TAMPA, Fla. (WFLA) — Gail Schwartz is the aunt of Parkland shooting victim Alex Schachte.

Five years after his death at Marjory Stoneman Douglas High School, the pain is still very real for her.

“I know it’s been five years without my sweet 14-year-old nephew Alex, who was murdered while sitting at his desk in English class in Parkland. I know it’s five years since we haven’t seen any real, significant change that are going to stop these mass shootings,” said Schwartz, who serves at the chairwoman of “Ban Assault Weapons Now.”

Schwartz said this date is always difficult for her.

“It’s heartbreaking for me, because today, instead of celebrating a nice holiday with my family, I’m visiting a cemetery, where not only is my nephew buried, but four other children from the Parkland Shooting are buried,” Schwartz said. “That’s sick, we live in a sick society where we do not prioritize lives, but instead prioritize guns.”

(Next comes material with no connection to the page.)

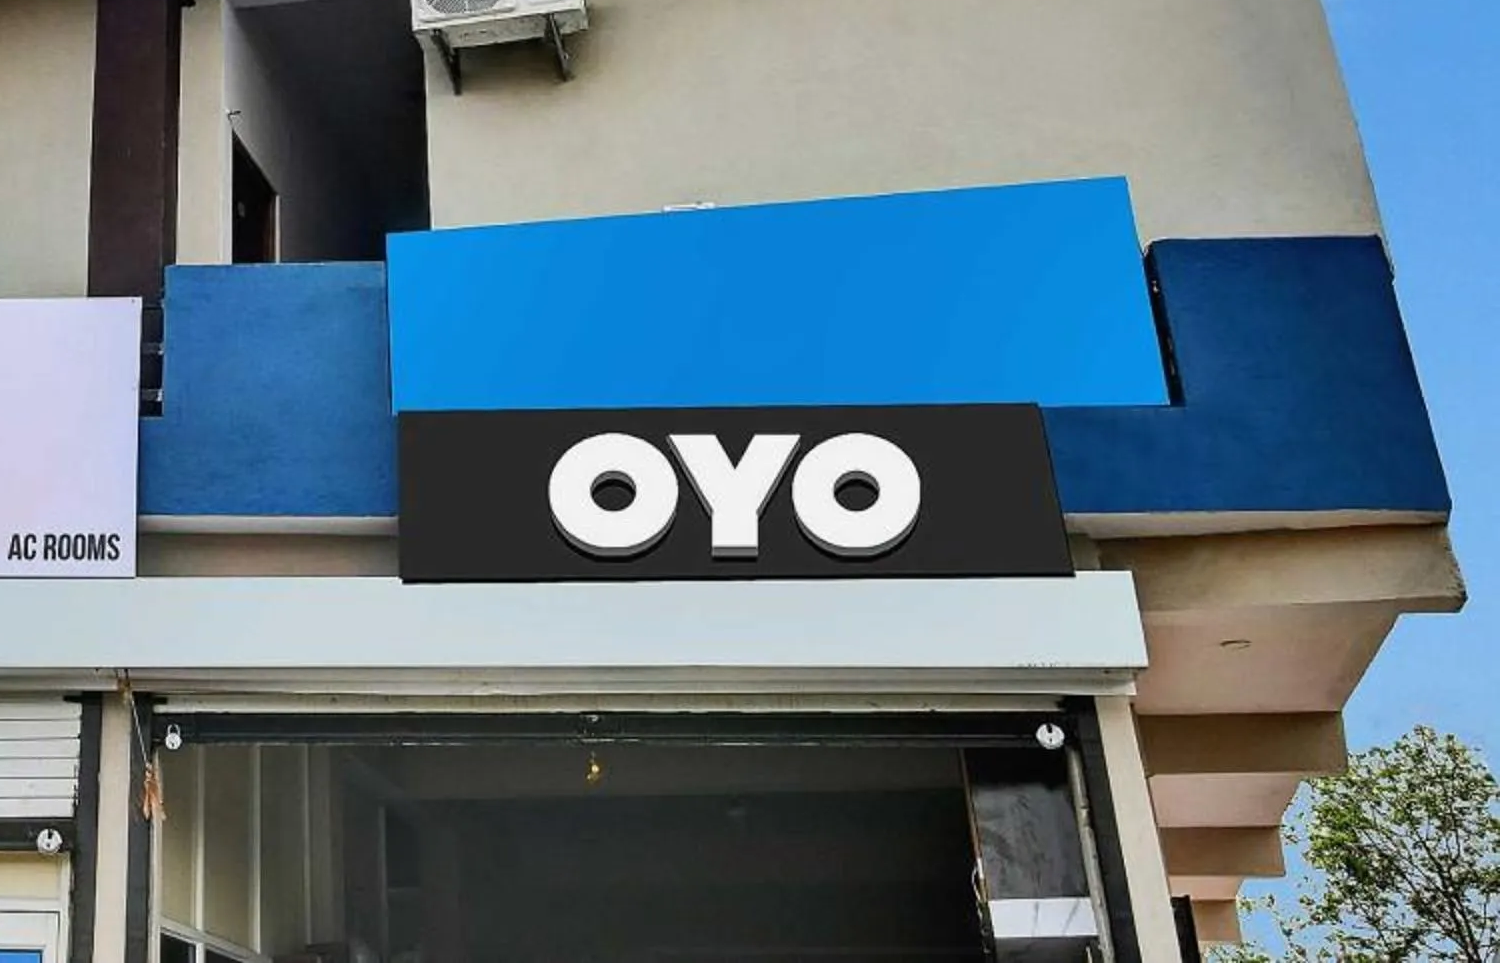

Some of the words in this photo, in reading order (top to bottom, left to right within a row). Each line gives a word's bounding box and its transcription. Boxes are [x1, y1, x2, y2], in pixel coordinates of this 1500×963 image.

[548, 433, 921, 556] OYO
[7, 533, 37, 561] AC
[43, 533, 121, 561] ROOMS

Polk County Sheriff Grady Judd sat on the Parkland Commission, analyzing what happened the day of the shooting.

Sheriff Judd said schools are safer today.

“The children in this state, because of the Florida legislature and Governor Scott are much safer today than they were than they ever were before. There are still process improvements that have to be made.”

Still, the Sheriff says for the most part, students in Florida schools are safer because of changes Florida made after the Parkland shooting.

“Anyone that tells you that the schools are less safe because we’ve got armed guardians or armed officers or deputies on the campus, anyone who tells you that is not living in the realm of reality,” Judd said.